**What is needed**:
Could you please retype the records exactly, minus their pictures?

**Dataset entries**:
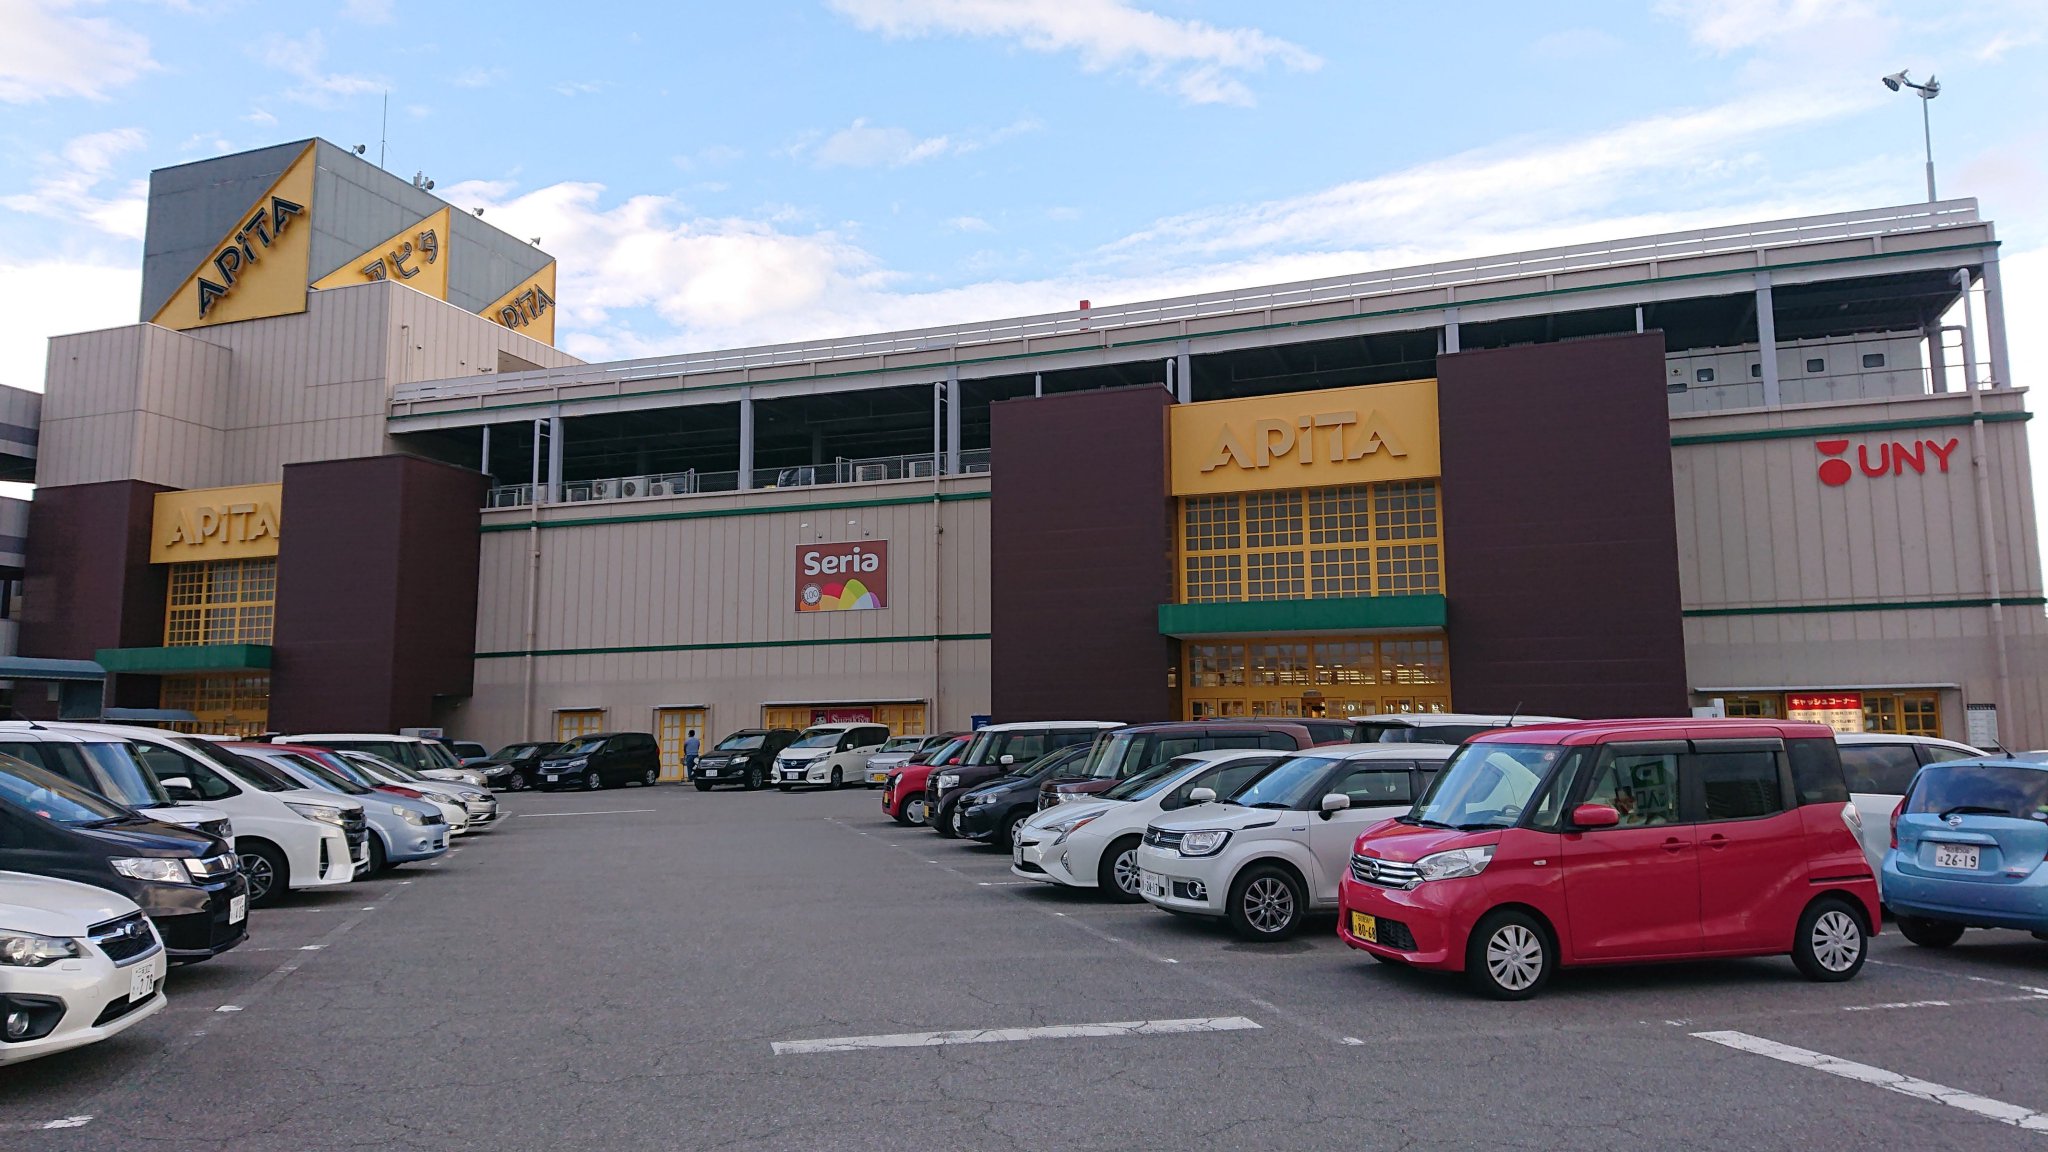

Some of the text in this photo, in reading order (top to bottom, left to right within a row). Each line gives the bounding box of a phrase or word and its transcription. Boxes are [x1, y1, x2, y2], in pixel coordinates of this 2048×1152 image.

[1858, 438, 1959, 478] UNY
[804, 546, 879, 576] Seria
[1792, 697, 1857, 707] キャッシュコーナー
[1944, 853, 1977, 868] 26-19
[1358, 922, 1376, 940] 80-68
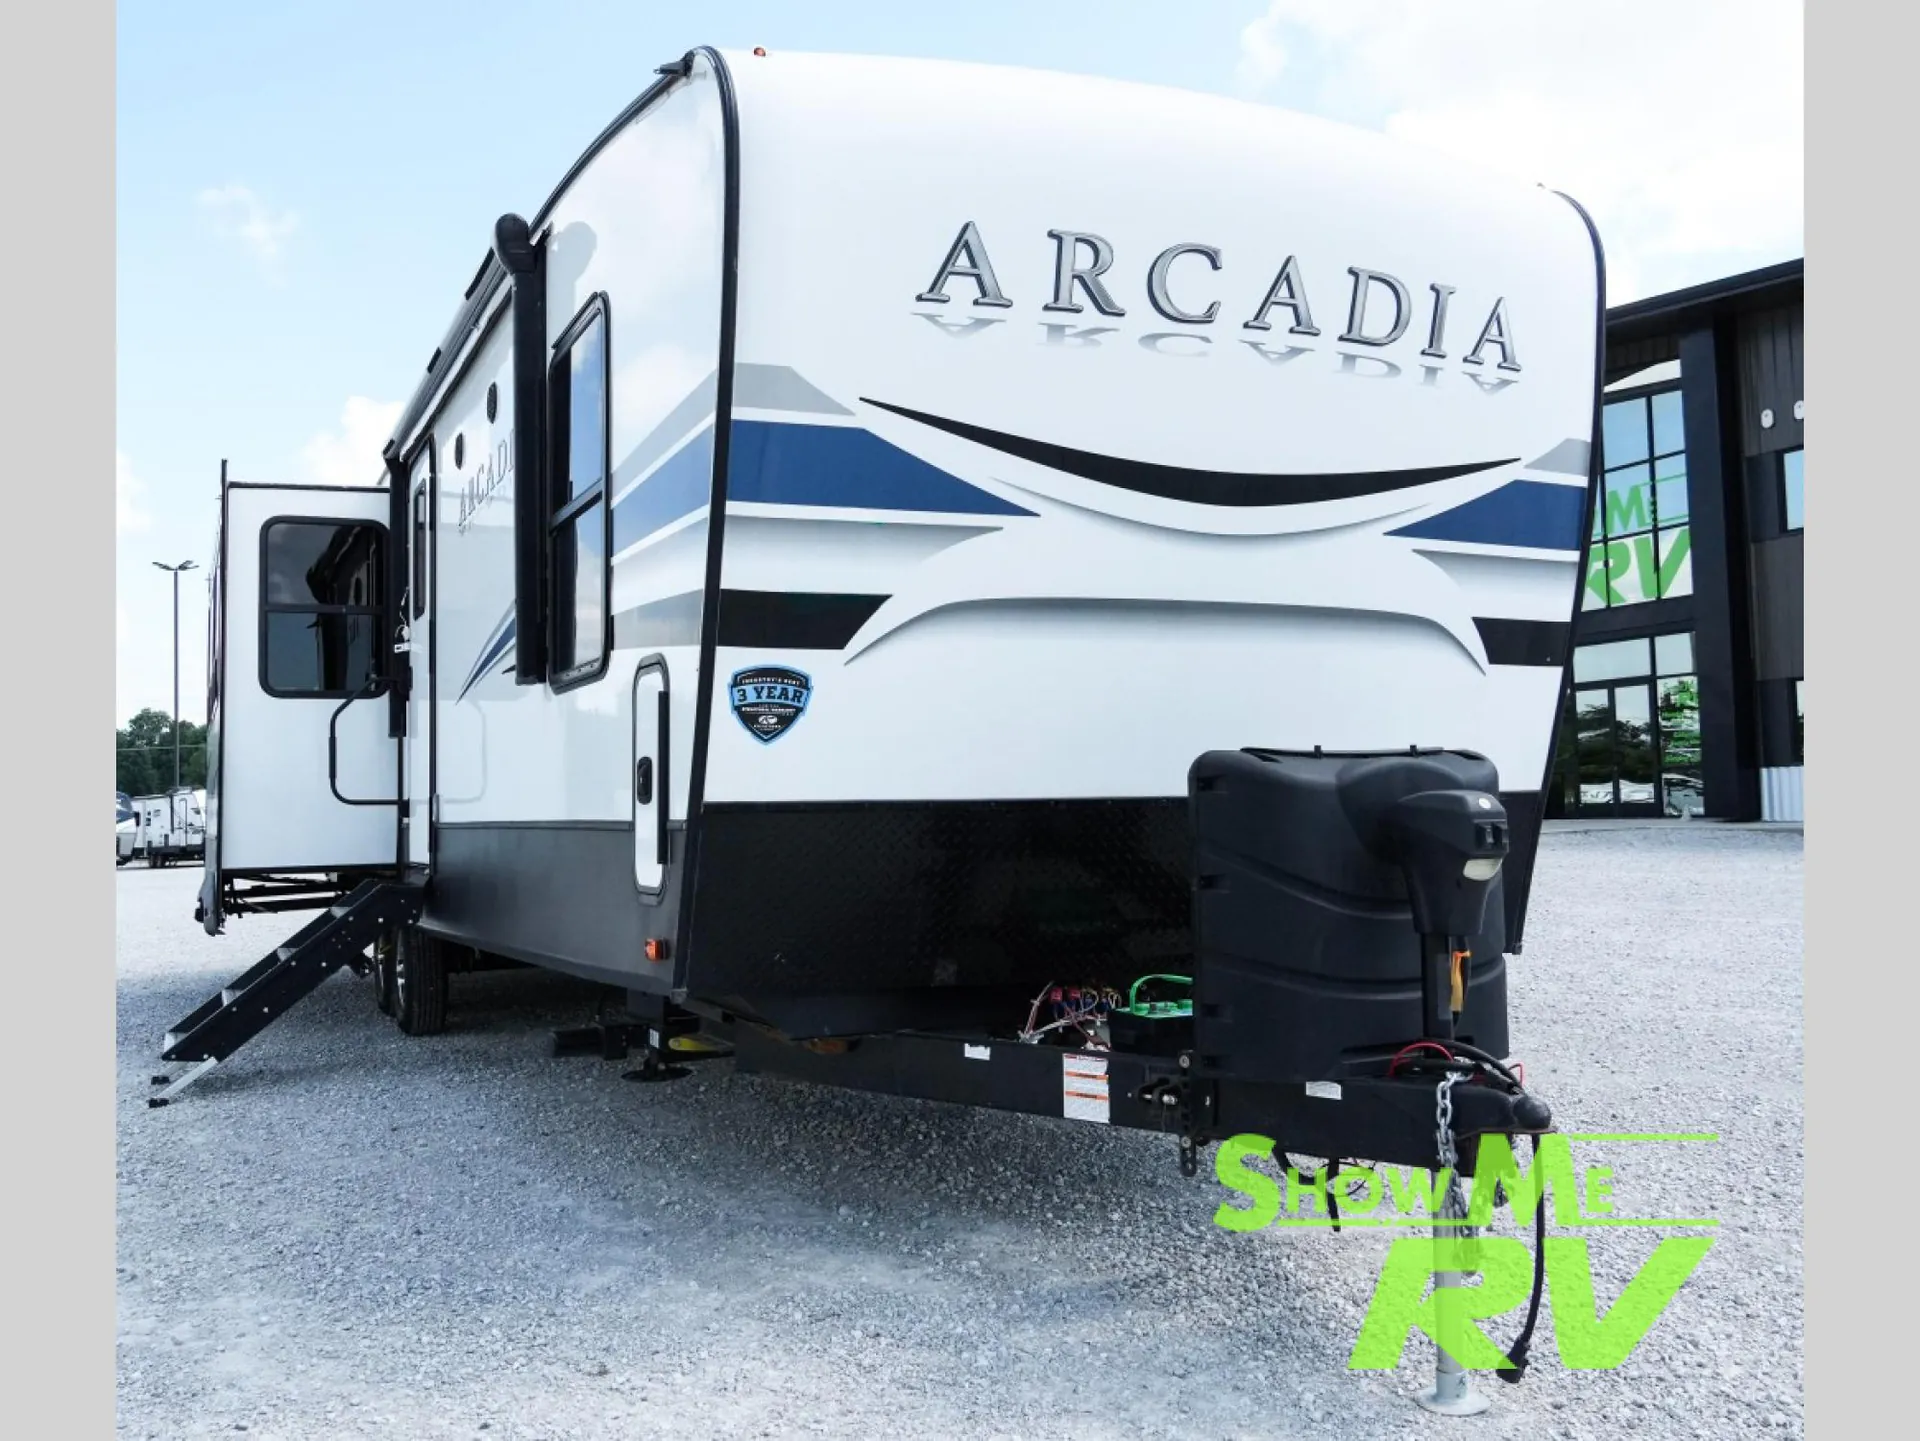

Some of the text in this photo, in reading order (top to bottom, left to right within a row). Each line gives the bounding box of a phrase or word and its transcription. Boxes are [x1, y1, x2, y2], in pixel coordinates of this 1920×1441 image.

**Answer below**:
Some of the text in this photo, in reading order (top to bottom, left to right within a row). Each line gives the bounding box of a phrase or word and its transcription. Boxes are [x1, y1, x2, y2], in pixel coordinates of this 2048×1152 image.

[1858, 438, 1959, 478] UNY
[804, 546, 879, 576] Seria
[1792, 697, 1857, 707] キャッシュコーナー
[1944, 853, 1977, 868] 26-19
[1358, 922, 1376, 940] 80-68

Some of the text in this photo, in reading order (top to bottom, left to right within a row). Each line gives the bounding box of a phrase or word and its transcription. Boxes are [x1, y1, x2, y2], in pixel coordinates of this 1920×1441 image.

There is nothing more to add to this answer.